A deep pool is hidden deep in the mountain. Don’t wait for happiness to come like the prince in the story of Cinderella. Go out and search! For places where magnificent clothing and carts are the pass to get it, without the helping hand from the fairy Godmother, the prince could not have met Cinderella. Don’t just look to outside appearance, look into the heart!

Om Śakti, Om Śakti, Om Śakti Om, ādhi Śakti, Mahā Śakti, Parā Śakti Om

We praise Divine energy in all its forms; she is primal, great, and supreme.

Śakti means “power, ability, strength, might, effort, energy, capability.” Śakti is the primordial cosmic energy and is the personification of Divine feminine power.

Waterfall – the Power of Water
Tumbling from the high cliff, the waterfall descends straight to the deep pool. The more gap between the top and bottom, the more powerful the waterfall. When the river Gaṅgā was going to leave heaven and come down to Earth, she could wipe out everything in her path. To avoid the destruction on Earth, Lord Śiva takes Gaṅgā river on his head and lets Gaṅgā river flow from his hair.
The mind tends to follow a certain pattern, after a while we will form a certain way of thinking that is hard to break. A strong impact from outside will force us to break the pattern. That is why it is said “Affliction is Bodhi.” Suffering that we experience is a way to attain illuminated or enlightened intellect.

Oṃ Maṇi Padme Hūṃ Hrih

The jewel in the lotus.

Maṇi means pearls, gems, jewels. Padma means a lotus (especially the flower of the lotus-plant which closes towards evening). Hrih, “is the catalyst that activates the compassion of the Buddhas to transform our negative emotions into their wisdom nature.”

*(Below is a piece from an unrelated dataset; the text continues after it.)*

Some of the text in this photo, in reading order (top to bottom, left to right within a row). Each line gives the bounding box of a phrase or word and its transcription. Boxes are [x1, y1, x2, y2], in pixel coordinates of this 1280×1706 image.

Lake – the Gem of the Earth
The Tibetan Plateau is known for its pure and fresh air and it is the place that is closest to heaven. On the Tibetan Plateau there are thousands of lakes that collect water from the melting ice and snow. The surrounding environment gives whole support for the lake. A lake in a city cannot compare to a lake on the Tibetan Plateau as the city lake loses its fresh water supply from the environment.
In Tibet, Oṃ maṇi padme hūṃ is pronounced Om Mani Peme Hung. We can see this mantra everywhere: temples, mountains, rocks, houses, flags. This mantra embodies the compassion and blessing of all the buddhas and bodhisattvas, and invokes especially the blessing of Avalokiteśvara, the Buddha of Compassion. In Chinese, Avalokiteśvara is 观音, which literally means “observe the sound.”

Kālī Durgāyai Namo Namaḥ

Salutations to the Divine Mother in Her Forms as Kālī and Durgā.

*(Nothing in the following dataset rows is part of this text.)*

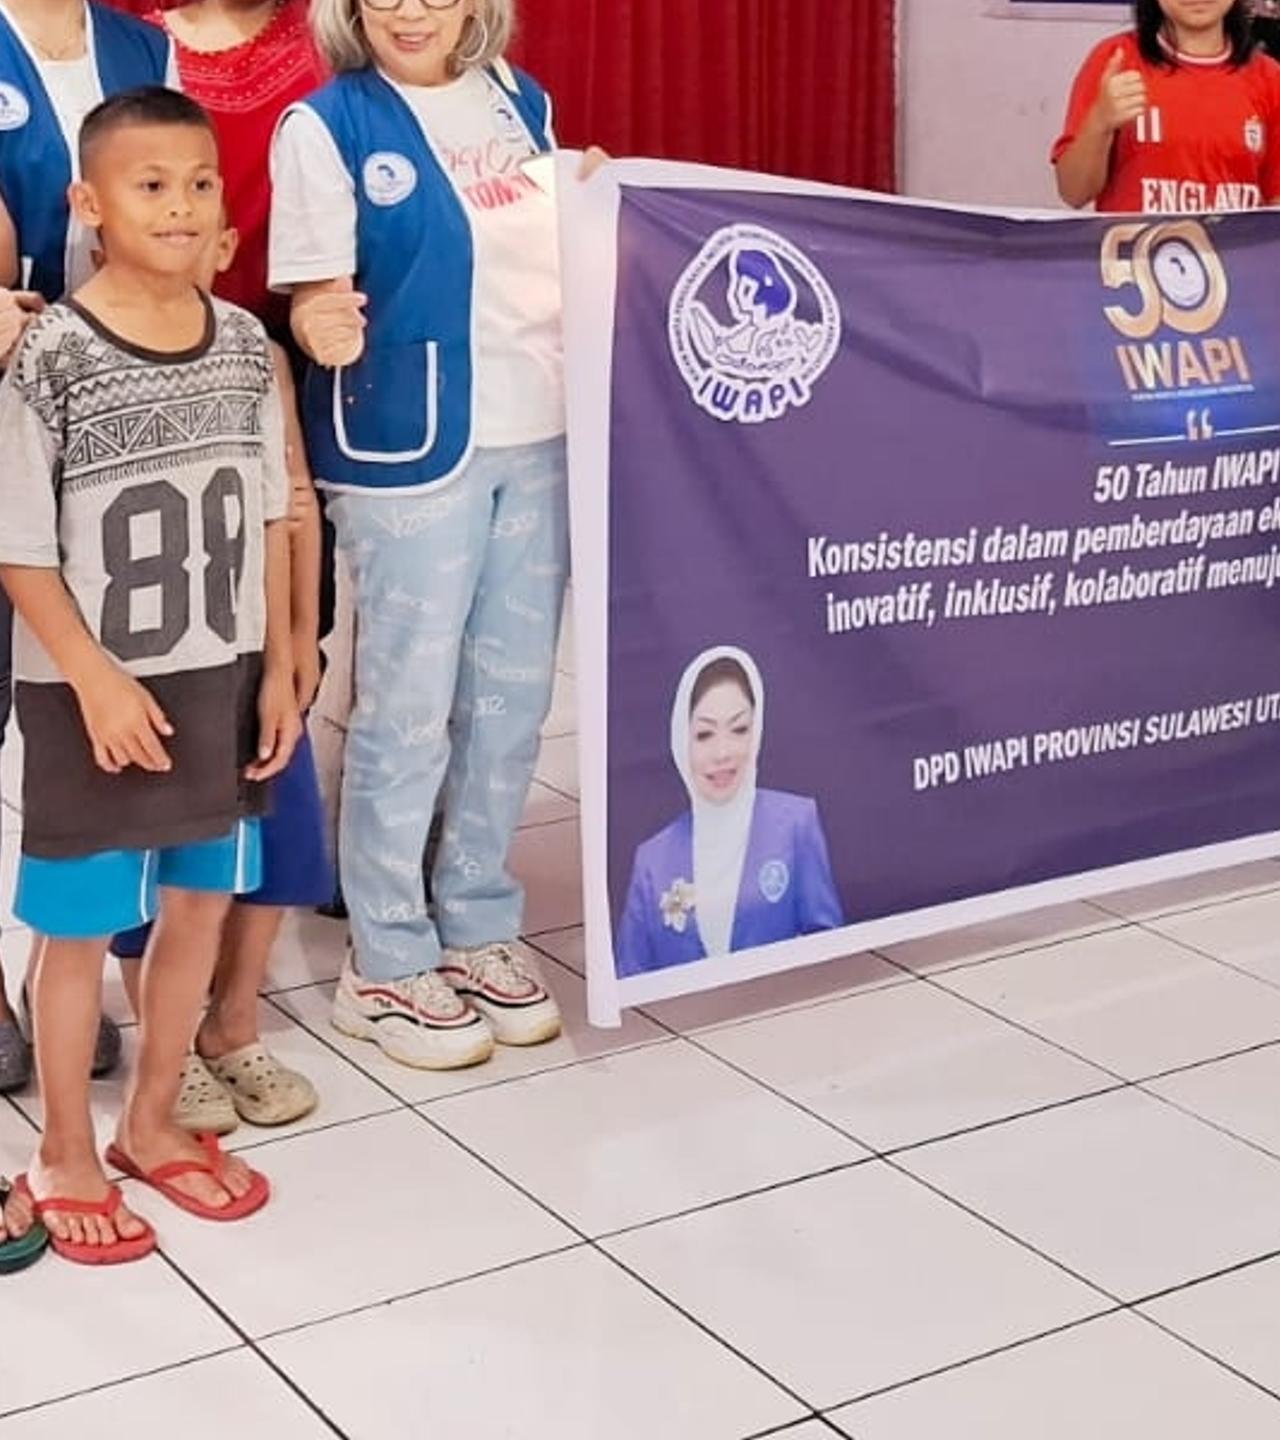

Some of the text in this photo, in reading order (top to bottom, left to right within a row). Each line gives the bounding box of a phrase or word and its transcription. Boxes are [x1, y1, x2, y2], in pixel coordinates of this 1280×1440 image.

[1141, 177, 1261, 212] ENGLAND
[1101, 218, 1229, 340] 50
[697, 374, 804, 416] IWAPI
[1116, 336, 1251, 391] IWAPI
[1093, 464, 1131, 503] 50
[1135, 460, 1207, 499] Tahun
[100, 466, 246, 662] 88
[807, 527, 978, 578] Konsistensi
[983, 523, 1068, 563] dalam
[1072, 508, 1254, 564] pemberdayaan
[826, 581, 936, 634] inovatif,
[943, 572, 1057, 619] inklusif,
[1064, 554, 1205, 608] kolaboratif
[912, 751, 961, 792] DPD
[964, 736, 1028, 779] IWAPI
[1032, 719, 1140, 765] PROVINSI
[1143, 698, 1253, 745] SULAWESI

Kālī means night, a black or dark-blue colour. Durgā is the name of the daughter of Himavat (King of snowy mountains), the inaccessible or terrifying goddess.

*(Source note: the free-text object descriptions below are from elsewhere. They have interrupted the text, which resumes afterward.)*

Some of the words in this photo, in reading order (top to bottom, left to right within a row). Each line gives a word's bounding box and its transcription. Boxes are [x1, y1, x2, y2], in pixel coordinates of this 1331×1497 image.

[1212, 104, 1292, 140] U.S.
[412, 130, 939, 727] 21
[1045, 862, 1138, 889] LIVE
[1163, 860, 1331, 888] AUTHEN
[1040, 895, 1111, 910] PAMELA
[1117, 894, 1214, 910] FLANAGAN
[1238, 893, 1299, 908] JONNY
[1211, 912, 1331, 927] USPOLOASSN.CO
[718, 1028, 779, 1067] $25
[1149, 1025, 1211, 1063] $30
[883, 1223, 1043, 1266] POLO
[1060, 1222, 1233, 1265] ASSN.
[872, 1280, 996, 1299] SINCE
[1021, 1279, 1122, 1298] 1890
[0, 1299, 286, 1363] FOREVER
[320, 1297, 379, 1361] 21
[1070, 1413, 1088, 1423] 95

Snow and Ice – Solid Water
The cover of snow and ice gives the earth and plants a time to rest. Winter is the season when things are concealed and is the coldest season of the year. The cold is caused by the axis of the earth in the hemisphere being oriented away from the sun.
Kālī means night, black. The darkness is because of absence of light, like at night, or the result of complete absorption of light, like a black hole. The fear of death is the real root cause of stress, suffering and misery in our life. To understand death helps us let go of the fear of death. The face of death might be fearful, but if it can urge us to start the journey for health and happiness, then we can become fearless and have courage to face death at the end of life. As Rumi says,
The wound is the place where the light enters you.
Spiritual knowledge is the light, seek the light! Pray to the one who holds the light!

Asoto Mā Sad Gamaya Lead me from the unreal to the real.
Tamaso Mā Jyotir Gamaya From darkness to light.
Mṛyor Mā Amṛtaṃ Gamaya From mortality to immortality.

iman me gange yamune saraswati sutudri stomagum sacata parusniya
asikniya marudvrdhe vitastayarjikiye srnuhya susomaya

This is a hymn from Rigveda (the Nadistuti sukta). This hymn includes 10 rivers which originate from the Tibetan Plateau, beginning with the Gaṅgā, Yamunā, Sarasvatī and moving westward. Nadī means a river, flowing water.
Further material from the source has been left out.